Exactly as written, print out each entry in the data, with no pictures.

## Images for object localization
* * * * * * * * *
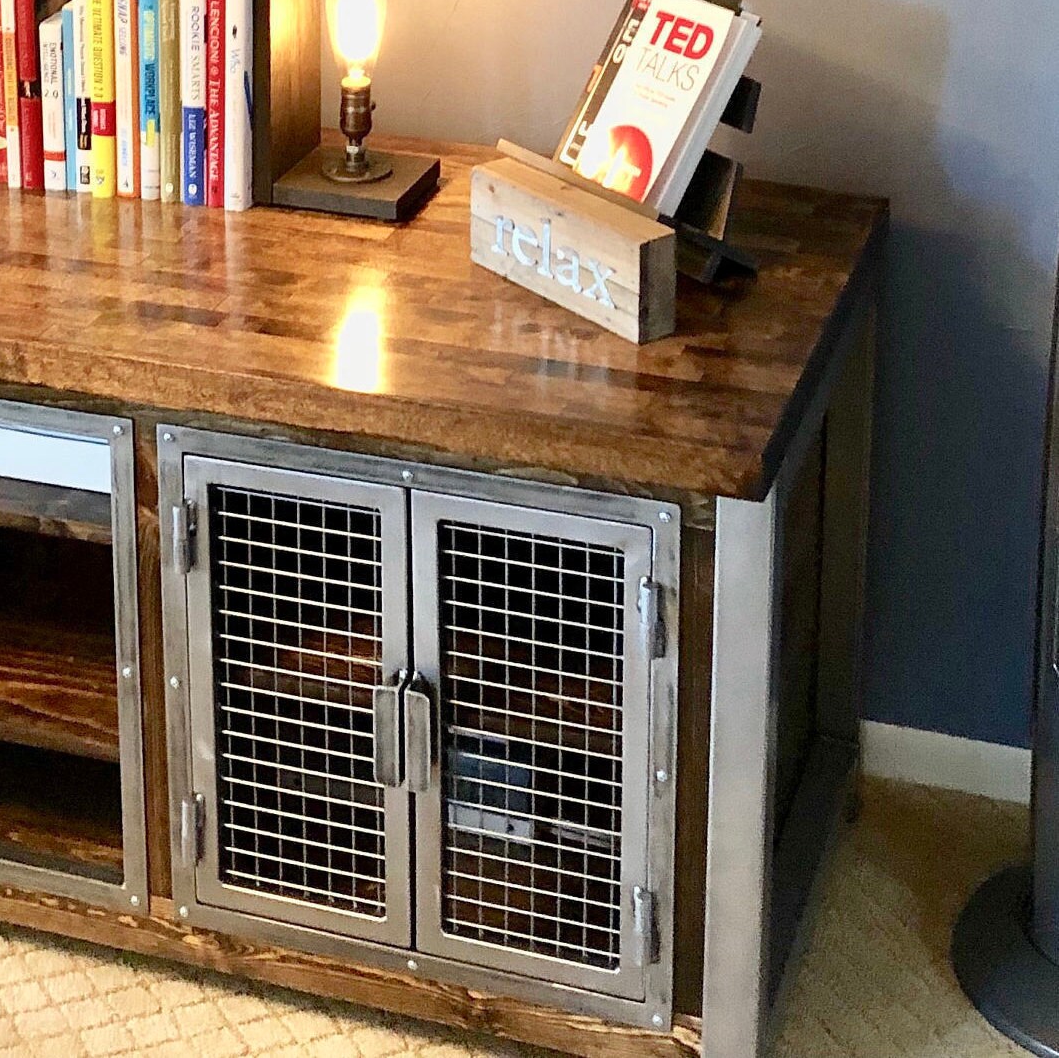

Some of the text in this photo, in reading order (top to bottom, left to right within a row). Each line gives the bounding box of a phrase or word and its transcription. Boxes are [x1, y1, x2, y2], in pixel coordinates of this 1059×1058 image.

[92, 7, 103, 44] ULTIMATE
[209, 0, 220, 64] LENCIONI
[648, 10, 714, 61] TED
[49, 42, 58, 84] EMOTIONAL
[93, 46, 103, 84] QUESTION
[191, 5, 200, 101] ROOKIE SMARTS
[635, 46, 701, 92] TALKS
[144, 63, 156, 115] WORKPLACE
[188, 114, 197, 178] LIZ WISEMAN
[208, 112, 220, 181] ADVANTAGE
[490, 215, 618, 309] relax
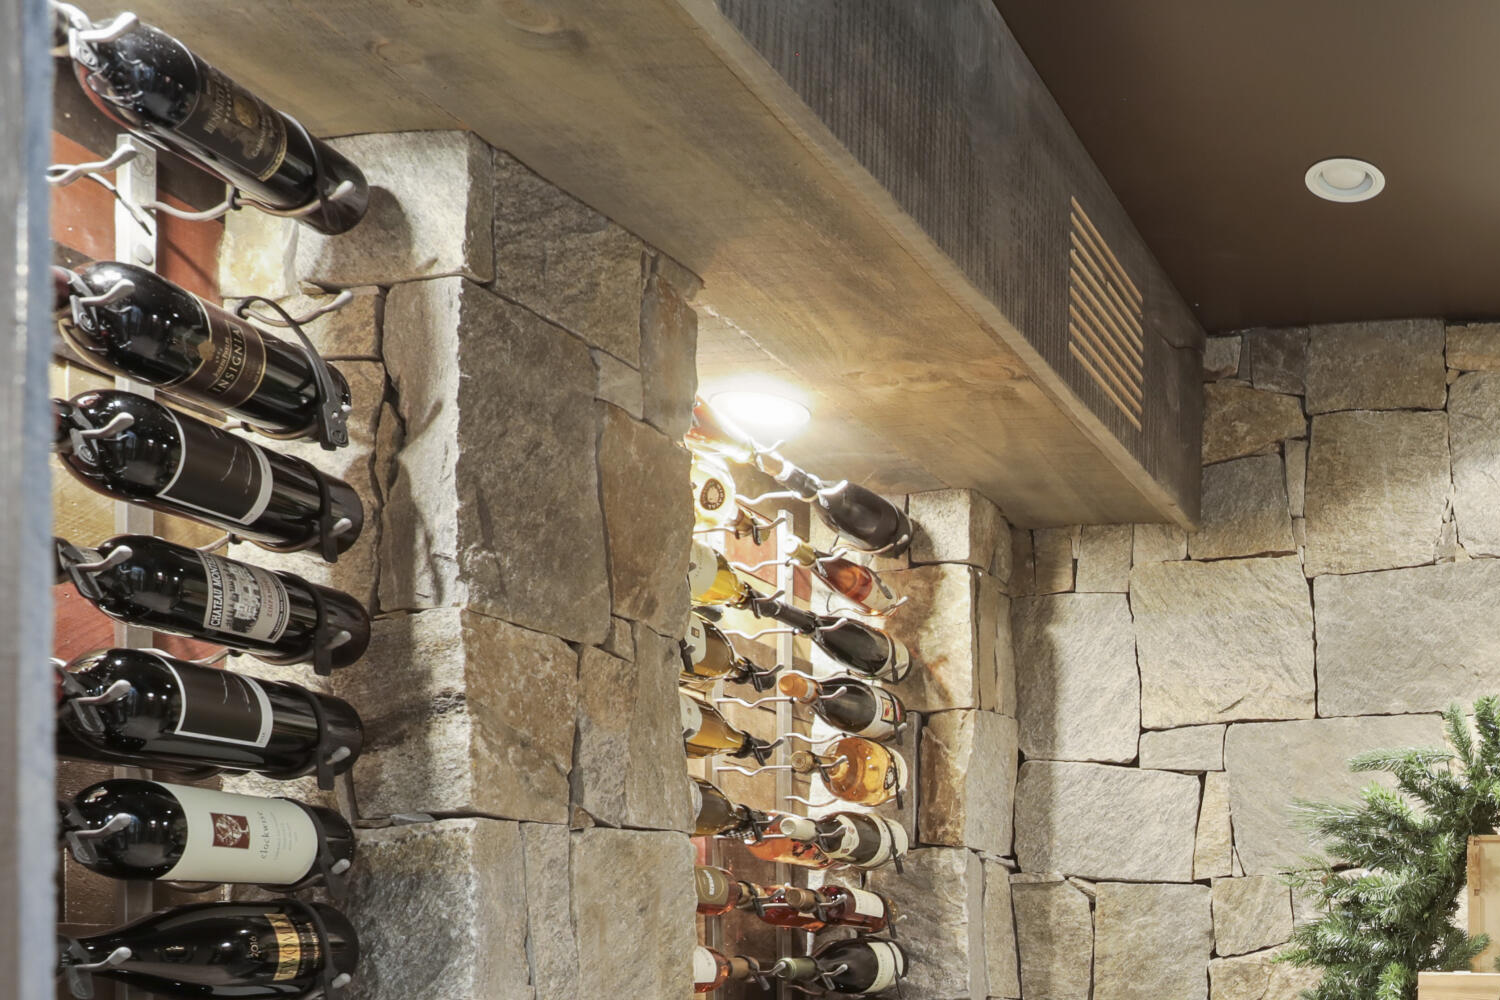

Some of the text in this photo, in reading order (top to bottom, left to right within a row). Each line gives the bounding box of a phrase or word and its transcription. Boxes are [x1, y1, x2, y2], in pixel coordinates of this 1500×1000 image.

[212, 329, 243, 392] INSIGNIA
[210, 590, 223, 626] CHATEAU
[249, 936, 258, 957] 2016
* * * * * * * * *
## Your response
Some of the text in this photo, in reading order (top to bottom, left to right within a row). Each line gives the bounding box of a phrase or word and its transcription. Boxes are [x1, y1, x2, y2], in pixel coordinates of this 1059×1058 image.

[92, 7, 103, 44] ULTIMATE
[209, 0, 220, 64] LENCIONI
[648, 10, 714, 61] TED
[49, 42, 58, 84] EMOTIONAL
[93, 46, 103, 84] QUESTION
[191, 5, 200, 101] ROOKIE SMARTS
[635, 46, 701, 92] TALKS
[144, 63, 156, 115] WORKPLACE
[188, 114, 197, 178] LIZ WISEMAN
[208, 112, 220, 181] ADVANTAGE
[490, 215, 618, 309] relax

Some of the text in this photo, in reading order (top to bottom, left to right within a row). Each line gives the bounding box of a phrase or word and its transcription. Boxes are [x1, y1, x2, y2], in pixel coordinates of this 1500×1000 image.

[212, 329, 243, 392] INSIGNIA
[210, 590, 223, 626] CHATEAU
[249, 936, 258, 957] 2016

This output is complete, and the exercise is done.